Ora di italiano, il mio amico-compagno-di-classe del primo banco mi passa un libro perché io lo passi ad un altro amico-compagno del terzo banco. Ma leggo il titolo e mi incuriosisce non poco: “Lettera a una professoressa”, l’autore è un prete che non ho mai sentito: don Lorenzo Milani. Anziché passare il libro lo apro, lo metto sopra le gambe per nascondermi all’insegnante e comincio a leggere. E non mollo più il libro, lo divoro, obbligo il mio amico a prestarmelo, me lo porto a casa per finirlo. L’indomani lo riporto in classe per passarlo all’altro amico mio.
Cos’era accaduto? Che don Milani mi aveva spiegato un sacco di cose: non ci sono scolari mediocri, ma soltanto scolari più poveri dove nelle loro case non ci sono libri, non ci sono enciclopedie, si parla solo il dialetto, ecc., che il Nicola che avevo incrociato in quarta elementare nel libro di don Milani si chiama Pierino, che la scuola era classista perché tendeva ad emarginare quelli più poveri bollandoli come asini. Che molti insegnanti trascurano gli studenti che stanno più “indietro” e coccolano i più bravi, perché stanno più “avanti” e richiedono meno sforzi, e poi perché sono socialmente più… come posso dire? Più… meritevoli?

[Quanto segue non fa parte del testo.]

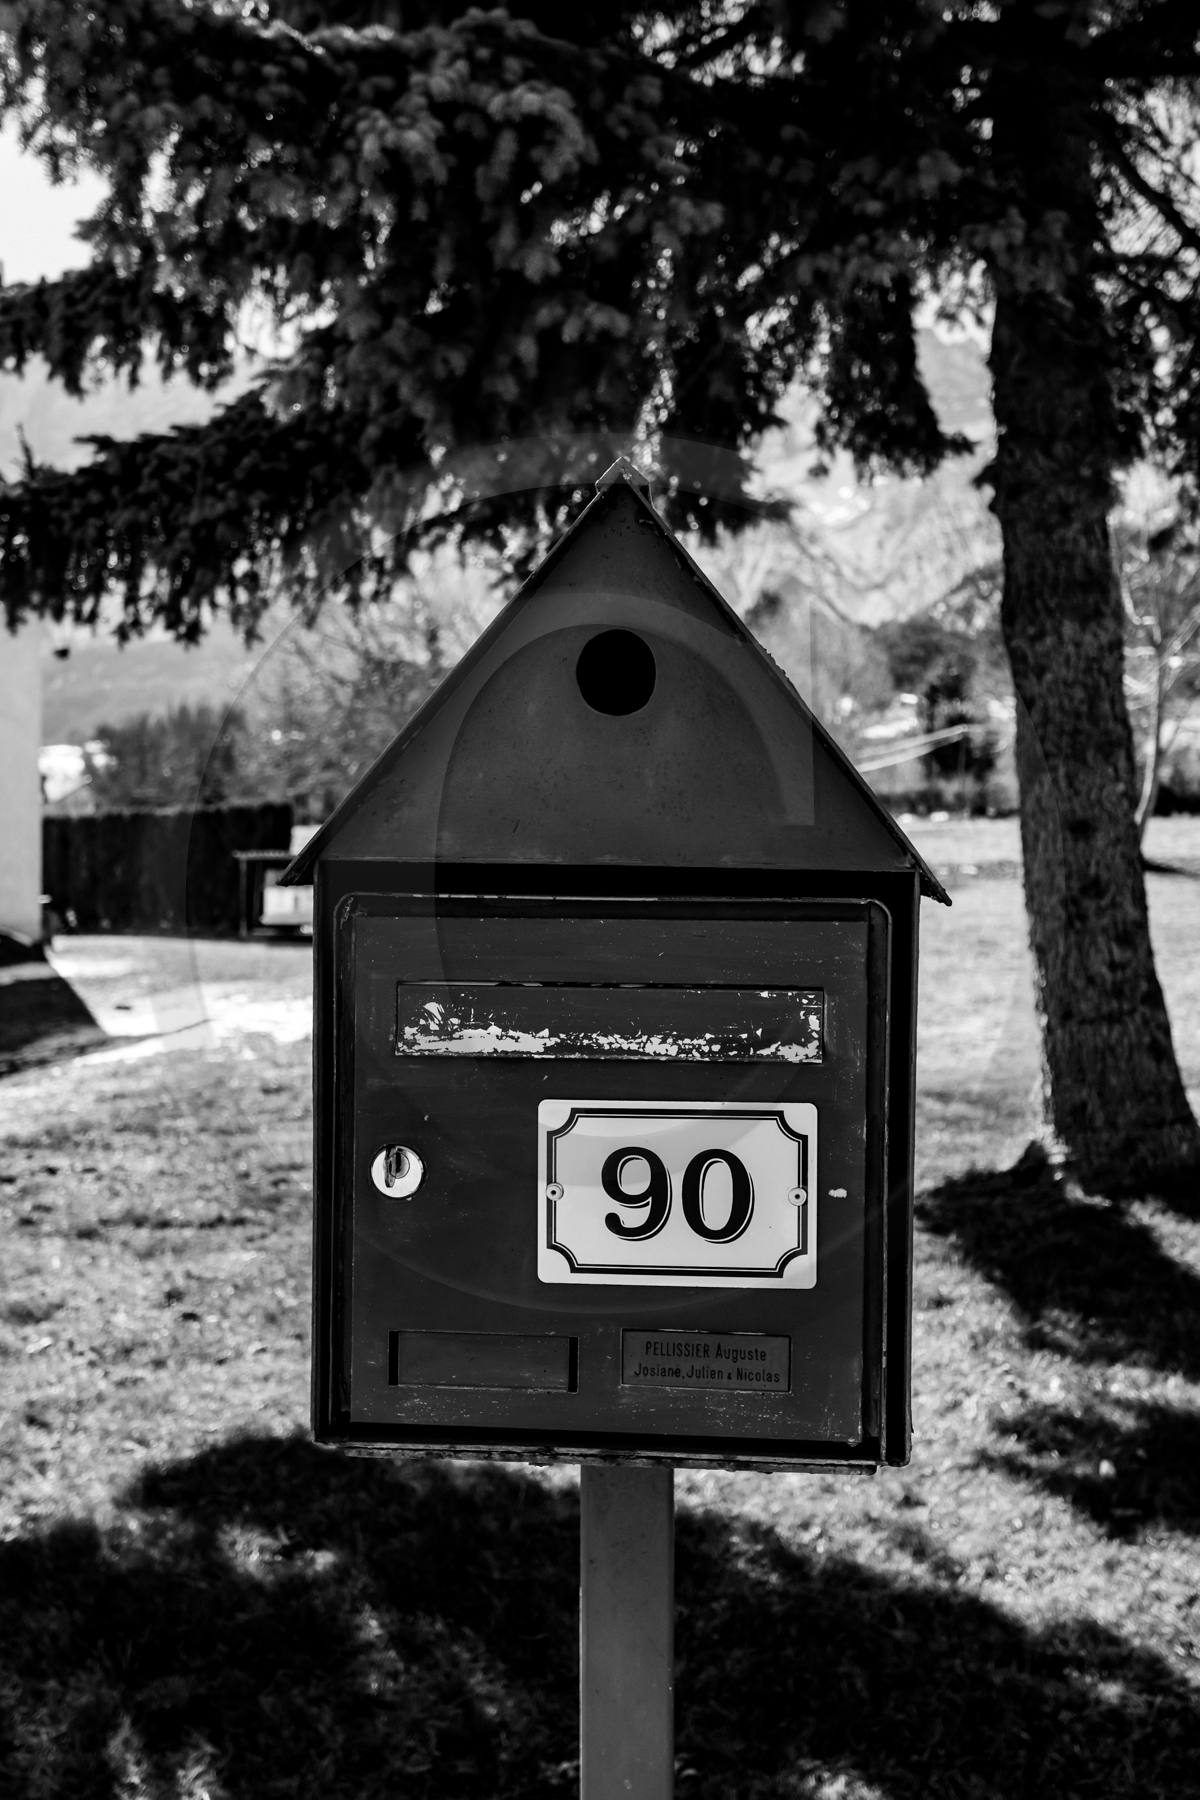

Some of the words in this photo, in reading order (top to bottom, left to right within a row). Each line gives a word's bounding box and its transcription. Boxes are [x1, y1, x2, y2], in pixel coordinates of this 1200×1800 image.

C’era stato il ’68, ma io avevo quattordici anni, e del ’68 mi ricordo solo Marcuse, ‘sto nome che sentivo circolare tanto spesso. Quando sono diventato “grande” ho provato a leggere “L’uomo a una dimensione”, ma erano passati troppi anni, quel libro non lo capivo perché non mi stava spiegando un bel niente. Lo chiusi dopo aver letto poche pagine. Capivo invece don Milani, perché lui era stata un’eresia che con la sua passione, la sua forza, la sua intelligenza, la sua voglia di andare nella direzione ostinata e contraria, aveva smontato il merito. Don Milani aveva preso una parola apparentemente bella, sana, positiva, e aveva mostrato come in un contesto così vitale e importante quale l’educazione e l’istruzione quella parola fosse pregna di un significato tanto ambiguo e pericoloso perché significava discriminazione, ingiustizia, disuguaglianza.

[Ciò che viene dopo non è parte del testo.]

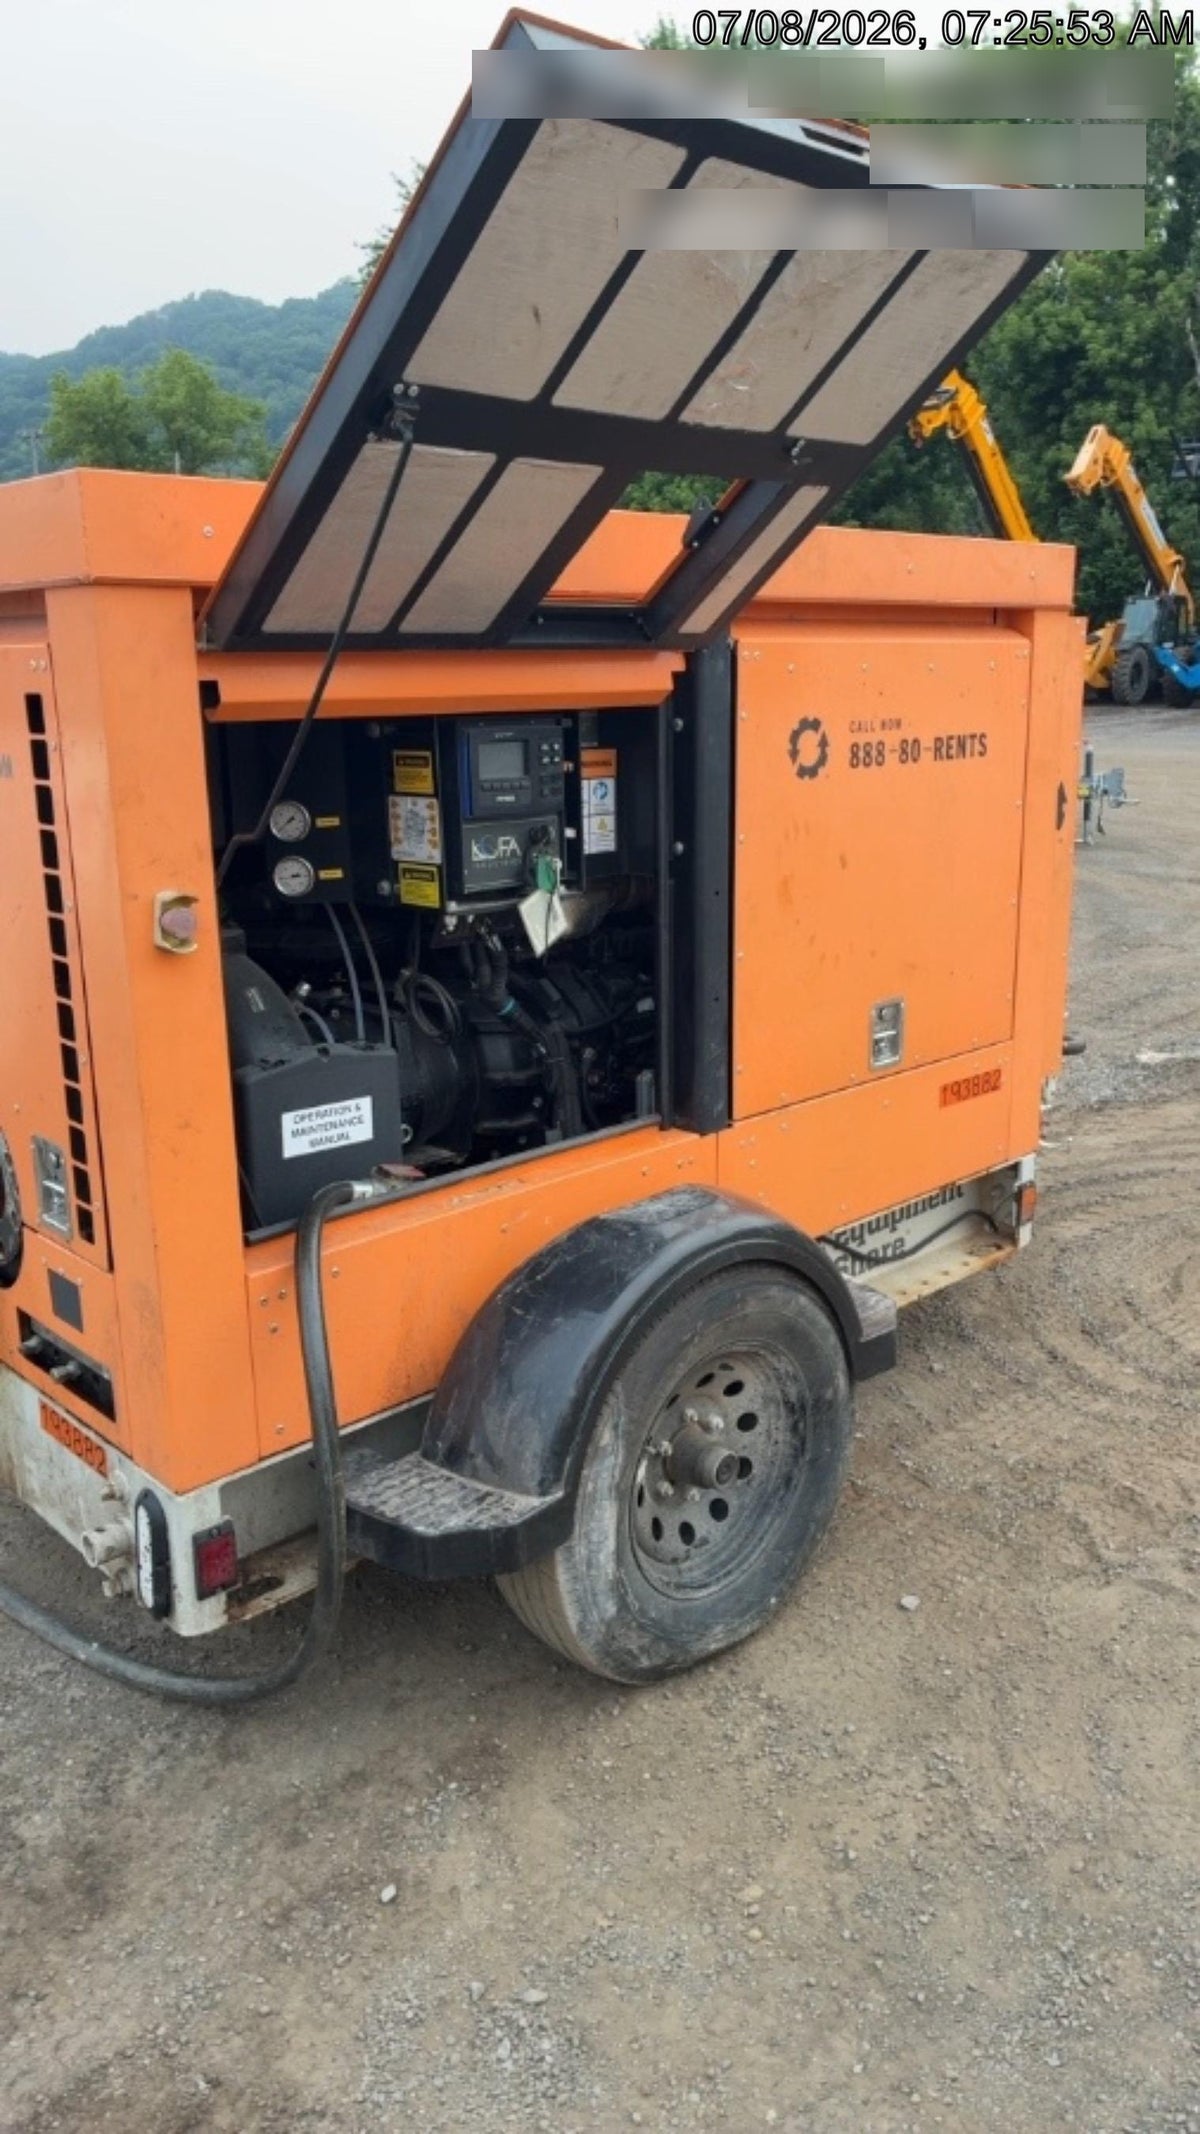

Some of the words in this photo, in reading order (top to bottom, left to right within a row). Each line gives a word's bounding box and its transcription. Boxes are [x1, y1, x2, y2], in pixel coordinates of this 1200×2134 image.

[849, 720, 876, 734] CALL
[880, 718, 902, 731] NOW
[849, 732, 988, 769] 888-80-RENTS
[942, 1069, 1002, 1107] 193882
[293, 1105, 352, 1125] OPERATION
[291, 1114, 364, 1139] MAINTENANCE
[309, 1132, 351, 1148] MANUAL

Devo molto a quel libro e ai libri che ho sempre amato. Mi hanno aiutato a capire e a capirmi e alla fine mi hanno convinto… che non ero proprio così mediocre perché ho fatto l’università e mi sono laureato.
Merito è una parola che tanto piace alle elites alle quali poco importa della cultura, tant’è che siamo governati da almeno un trentennio da una razza padrona (anche questa è un’espressione che prendo a prestito dagli anni ’70) cafona, rozza, ignorante e impreparata… anzi, come scriverebbe il Presidente della Camera dei Deputati, che per merito occupa quello scranno, INPREPARATA.
Buone letture a tutte e a tutti.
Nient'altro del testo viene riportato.